«Die Therapie kann Krankheitsfolgen rückgängig machen»

Interview Jeanne Fürst und Fabienne Eichelberger, 30. November 2023

(Symbolbild: iStock)

Die seltene Erbkrankheit Morbus Gaucher führt unter anderem zu vergrösserten Organen. Fachpersonen brauchen für die Diagnose eine gute Spürnase, sagt der Endokrinologe Michel Hochuli.

Michel Hochuli, was ist Morbus Gaucher?
Eine seltene lysosomale Speicherkrankheit, die erblich bedingt ist. Lysosomen sind Bestandteile der Zellen, die für den Abbau von Substanzen zuständig sind. Bei Menschen, die an Morbus Gaucher leiden, ist das Enzym ß-Glucocerebrosidase, welches in den Lysosomen für den Abbau spezieller Fette sorgt, defekt oder nicht vorhanden. Dadurch häufen sich diese Substanzen an. Hauptsächlich geschieht dies in der Leber, der Milz und im Knochenmark.

Wie macht sich das bemerkbar?
Unter anderem, indem sich die Organe vergrössern und die Anzahl der Blutplättchen sinkt. Letzteres kann zu häufigem Nasen- oder Zahnfleischbluten führen. Auf vergrösserte Organe im Bauchraum können Völleund Spannungsgefühle deuten. Ein weiteres Symptom von Morbus Gaucher sind Knochenschmerzen.

Michel Hochuli ist leitender Arzt Stoffwechselerkrankungen am Inselspital Bern.

Wann treten die Symptome in der Regel auf?
Das ist sehr unterschiedlich. Es gibt schwere Formen von Morbus Gaucher, die sich bereits im Kindesalter zeigen. Einige Betroffene bleiben jedoch ihr ganzes Leben symptomfrei.

Wie wird Morbus Gaucher diagnostiziert?
Weil die Symptome unspezifisch sind, braucht es eine gute Spürnase der Fachperson. Besteht der Verdacht auf Morbus Gaucher, ist die Diagnosestellung relativ unkompliziert. Es gibt Marker im Blut, die auf die Krankheit hinweisen. Weiter kann man die Aktivität des genannten Enzyms messen. Ist sie vermindert, liegt mit grosser Wahrscheinlichkeit Morbus Gaucher vor. Mit einem Gentest lässt sich der Verdacht bestätigen.

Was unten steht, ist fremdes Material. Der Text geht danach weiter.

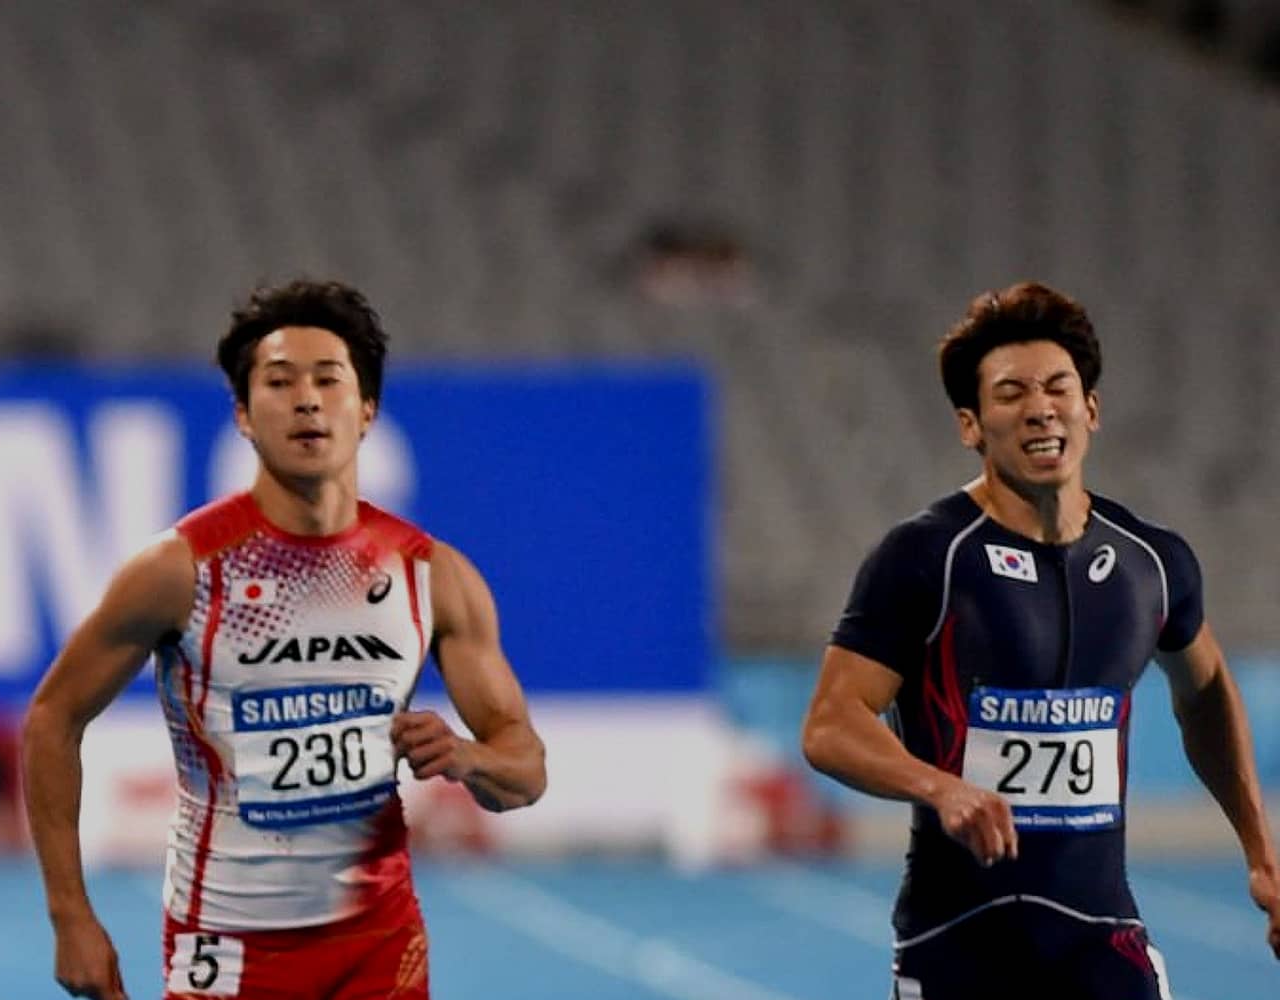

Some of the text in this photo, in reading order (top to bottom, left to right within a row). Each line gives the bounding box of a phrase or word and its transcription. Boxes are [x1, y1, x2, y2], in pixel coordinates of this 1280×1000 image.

[238, 635, 404, 664] JAPAN
[980, 696, 1114, 724] SAMSUNG
[269, 727, 366, 790] 230
[997, 740, 1094, 795] 279
[188, 935, 219, 989] 5

Welche Behandlungsmöglichkeiten gibt es für Morbus Gaucher?
Sehr wirksam ist die Enzymersatztherapie. Sie wird alle 14 Tage als Infusion verabreicht und sorgt dafür, dass sich der Krankheitsverlauf stabilisiert und sich die Folgen der Krankheit sogar zurückbilden. Das heisst, das Volumen der Organe nimmt ab, und das Blutbild normalisiert sich. Seit 2020 sind zudem Tabletten zugelassen, welche die Anhäufung der speziellen Fette in den Lysosomen hemmen.

Ist Morbus Gaucher heilbar?
Nein. In der Regel muss die Behandlung auch bei einem guten Blutbild und beim Wegfall der Symptome weitergeführt werden. Ansonsten würden sich die Substanzen in den Zellen langsam wieder anhäufen. Ausserdem gibt es weitere, seltene Formen von Morbus Gaucher, die das Nervensystem schädigen. In diesen Fällen helfen die genannten Therapien leider nicht.